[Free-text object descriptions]
○ ○ ○

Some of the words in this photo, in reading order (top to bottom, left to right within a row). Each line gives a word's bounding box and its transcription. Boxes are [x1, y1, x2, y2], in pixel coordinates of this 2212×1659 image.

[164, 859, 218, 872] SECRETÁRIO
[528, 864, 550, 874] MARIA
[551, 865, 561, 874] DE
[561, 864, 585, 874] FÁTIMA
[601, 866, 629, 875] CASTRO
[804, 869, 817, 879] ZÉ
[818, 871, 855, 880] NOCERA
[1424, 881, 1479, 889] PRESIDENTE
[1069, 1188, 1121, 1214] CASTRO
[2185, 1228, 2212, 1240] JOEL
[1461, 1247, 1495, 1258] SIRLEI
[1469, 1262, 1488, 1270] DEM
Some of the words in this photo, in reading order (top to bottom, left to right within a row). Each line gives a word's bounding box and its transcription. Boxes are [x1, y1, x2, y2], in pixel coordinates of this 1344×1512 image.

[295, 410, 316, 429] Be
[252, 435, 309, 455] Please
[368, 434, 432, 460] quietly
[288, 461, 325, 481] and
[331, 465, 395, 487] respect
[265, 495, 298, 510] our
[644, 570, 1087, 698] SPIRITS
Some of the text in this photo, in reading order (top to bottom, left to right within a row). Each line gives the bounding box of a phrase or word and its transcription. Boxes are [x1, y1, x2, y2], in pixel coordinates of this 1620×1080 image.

○ ○ ○

## TASK BRIEF
Write the entries out again exactly.

## RESPONSE TO THIS EXERCISE
Some of the words in this photo, in reading order (top to bottom, left to right within a row). Each line gives a word's bounding box and its transcription. Boxes are [x1, y1, x2, y2], in pixel coordinates of this 2212×1659 image.

[164, 859, 218, 872] SECRETÁRIO
[528, 864, 550, 874] MARIA
[551, 865, 561, 874] DE
[561, 864, 585, 874] FÁTIMA
[601, 866, 629, 875] CASTRO
[804, 869, 817, 879] ZÉ
[818, 871, 855, 880] NOCERA
[1424, 881, 1479, 889] PRESIDENTE
[1069, 1188, 1121, 1214] CASTRO
[2185, 1228, 2212, 1240] JOEL
[1461, 1247, 1495, 1258] SIRLEI
[1469, 1262, 1488, 1270] DEM
Some of the words in this photo, in reading order (top to bottom, left to right within a row). Each line gives a word's bounding box and its transcription. Boxes are [x1, y1, x2, y2], in pixel coordinates of this 1344×1512 image.

[295, 410, 316, 429] Be
[252, 435, 309, 455] Please
[368, 434, 432, 460] quietly
[288, 461, 325, 481] and
[331, 465, 395, 487] respect
[265, 495, 298, 510] our
[644, 570, 1087, 698] SPIRITS
Some of the text in this photo, in reading order (top to bottom, left to right within a row). Each line gives the bounding box of a phrase or word and its transcription. Boxes are [x1, y1, x2, y2], in pixel coordinates of this 1620×1080 image.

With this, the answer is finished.